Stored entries

= = = = = = =

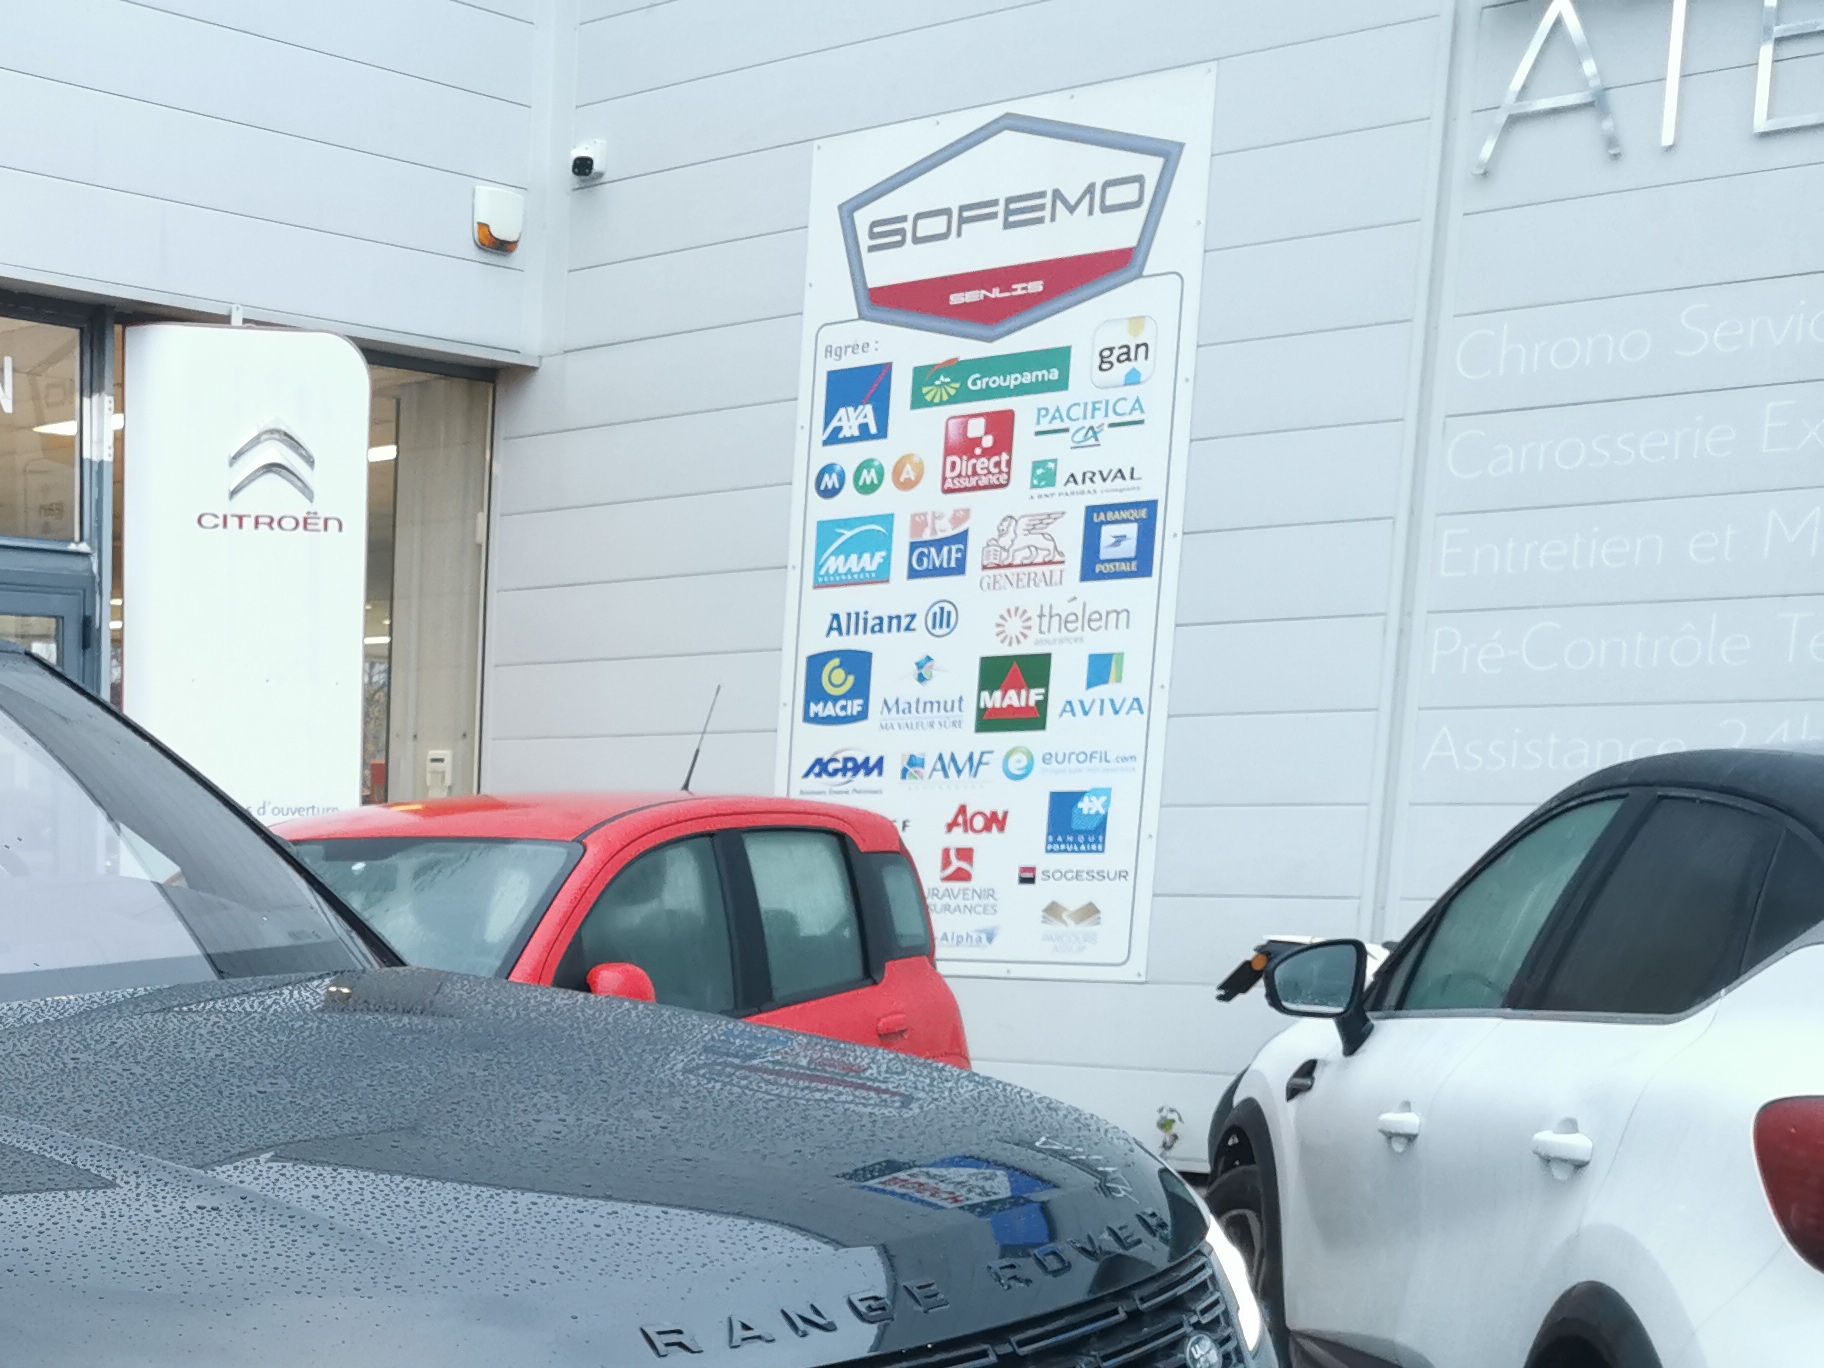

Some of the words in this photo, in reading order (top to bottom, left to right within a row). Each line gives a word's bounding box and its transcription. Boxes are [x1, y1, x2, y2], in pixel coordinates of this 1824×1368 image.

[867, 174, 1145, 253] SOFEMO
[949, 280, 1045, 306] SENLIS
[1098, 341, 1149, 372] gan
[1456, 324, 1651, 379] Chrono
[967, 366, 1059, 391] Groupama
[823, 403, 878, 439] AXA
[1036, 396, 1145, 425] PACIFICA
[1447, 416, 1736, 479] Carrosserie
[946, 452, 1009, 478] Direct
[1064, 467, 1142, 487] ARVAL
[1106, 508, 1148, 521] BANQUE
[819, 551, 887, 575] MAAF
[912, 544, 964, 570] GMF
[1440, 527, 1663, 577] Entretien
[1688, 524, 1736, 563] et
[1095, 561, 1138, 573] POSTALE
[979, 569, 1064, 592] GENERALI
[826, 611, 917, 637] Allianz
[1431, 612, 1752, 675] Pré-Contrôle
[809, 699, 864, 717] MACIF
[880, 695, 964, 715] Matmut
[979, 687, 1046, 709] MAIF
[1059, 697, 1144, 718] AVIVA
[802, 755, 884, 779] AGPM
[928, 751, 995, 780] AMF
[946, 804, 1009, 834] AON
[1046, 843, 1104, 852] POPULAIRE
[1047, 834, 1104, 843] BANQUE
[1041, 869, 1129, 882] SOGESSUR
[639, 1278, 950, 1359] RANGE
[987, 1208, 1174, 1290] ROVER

= = = = = = =

Return the lines of the data above in full and exactly, with no pictures.

Some of the words in this photo, in reading order (top to bottom, left to right within a row). Each line gives a word's bounding box and its transcription. Boxes are [x1, y1, x2, y2], in pixel coordinates of this 1824×1368 image.

[867, 174, 1145, 253] SOFEMO
[949, 280, 1045, 306] SENLIS
[1098, 341, 1149, 372] gan
[1456, 324, 1651, 379] Chrono
[967, 366, 1059, 391] Groupama
[823, 403, 878, 439] AXA
[1036, 396, 1145, 425] PACIFICA
[1447, 416, 1736, 479] Carrosserie
[946, 452, 1009, 478] Direct
[1064, 467, 1142, 487] ARVAL
[1106, 508, 1148, 521] BANQUE
[819, 551, 887, 575] MAAF
[912, 544, 964, 570] GMF
[1440, 527, 1663, 577] Entretien
[1688, 524, 1736, 563] et
[1095, 561, 1138, 573] POSTALE
[979, 569, 1064, 592] GENERALI
[826, 611, 917, 637] Allianz
[1431, 612, 1752, 675] Pré-Contrôle
[809, 699, 864, 717] MACIF
[880, 695, 964, 715] Matmut
[979, 687, 1046, 709] MAIF
[1059, 697, 1144, 718] AVIVA
[802, 755, 884, 779] AGPM
[928, 751, 995, 780] AMF
[946, 804, 1009, 834] AON
[1046, 843, 1104, 852] POPULAIRE
[1047, 834, 1104, 843] BANQUE
[1041, 869, 1129, 882] SOGESSUR
[639, 1278, 950, 1359] RANGE
[987, 1208, 1174, 1290] ROVER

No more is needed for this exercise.